[TASK] Every entry below is to be copied word for word, with its pictures removed.

[GIVEN RECORDS]
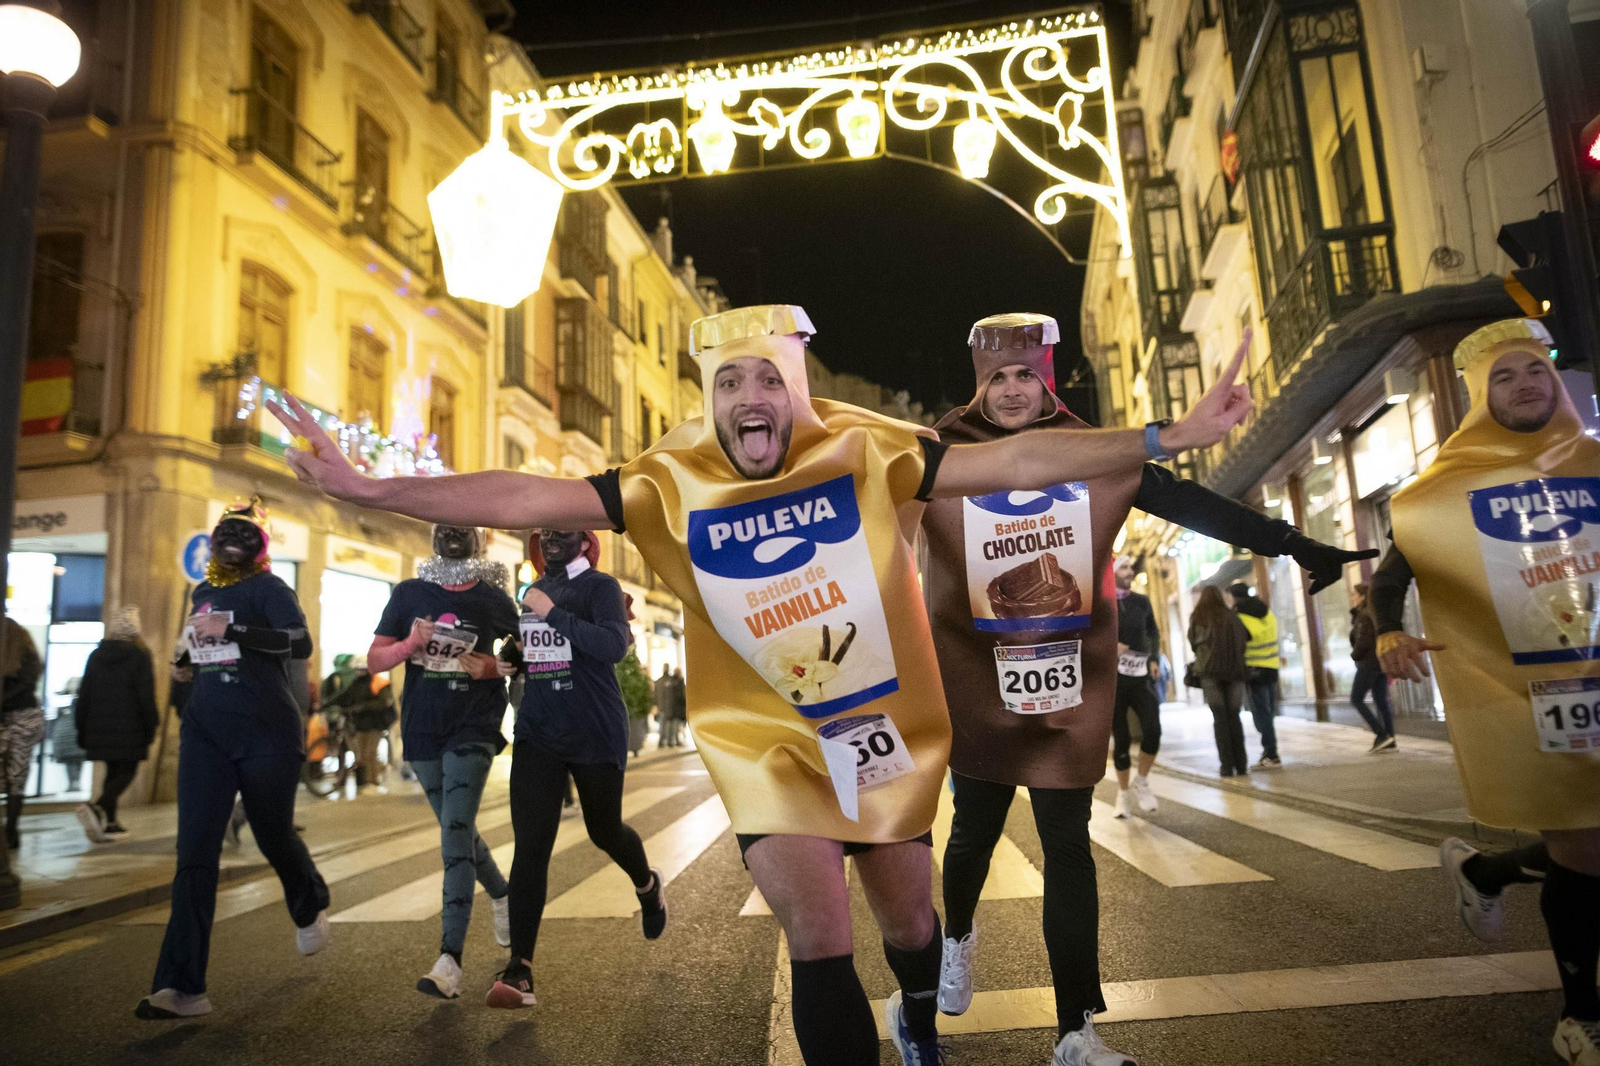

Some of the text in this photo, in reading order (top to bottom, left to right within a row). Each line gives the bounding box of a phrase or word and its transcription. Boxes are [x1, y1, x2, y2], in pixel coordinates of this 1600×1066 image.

[1489, 490, 1598, 519] PULEVA
[13, 511, 67, 532] ange
[707, 496, 837, 551] PULEVA
[994, 514, 1056, 537] Batido de
[982, 526, 1075, 561] CHOCOLATE
[745, 565, 827, 609] Batido de
[744, 580, 847, 639] VAINILLA
[426, 640, 467, 658] 642
[523, 629, 565, 647] 1608
[998, 648, 1008, 660] 32
[1004, 664, 1077, 694] 2063
[848, 731, 895, 767] 60

[SOLUTION]
Some of the text in this photo, in reading order (top to bottom, left to right within a row). Each line gives the bounding box of a phrase or word and its transcription. Boxes are [x1, y1, x2, y2], in pixel coordinates of this 1600×1066 image.

[1489, 490, 1598, 519] PULEVA
[13, 511, 67, 532] ange
[707, 496, 837, 551] PULEVA
[994, 514, 1056, 537] Batido de
[982, 526, 1075, 561] CHOCOLATE
[745, 565, 827, 609] Batido de
[744, 580, 847, 639] VAINILLA
[426, 640, 467, 658] 642
[523, 629, 565, 647] 1608
[998, 648, 1008, 660] 32
[1004, 664, 1077, 694] 2063
[848, 731, 895, 767] 60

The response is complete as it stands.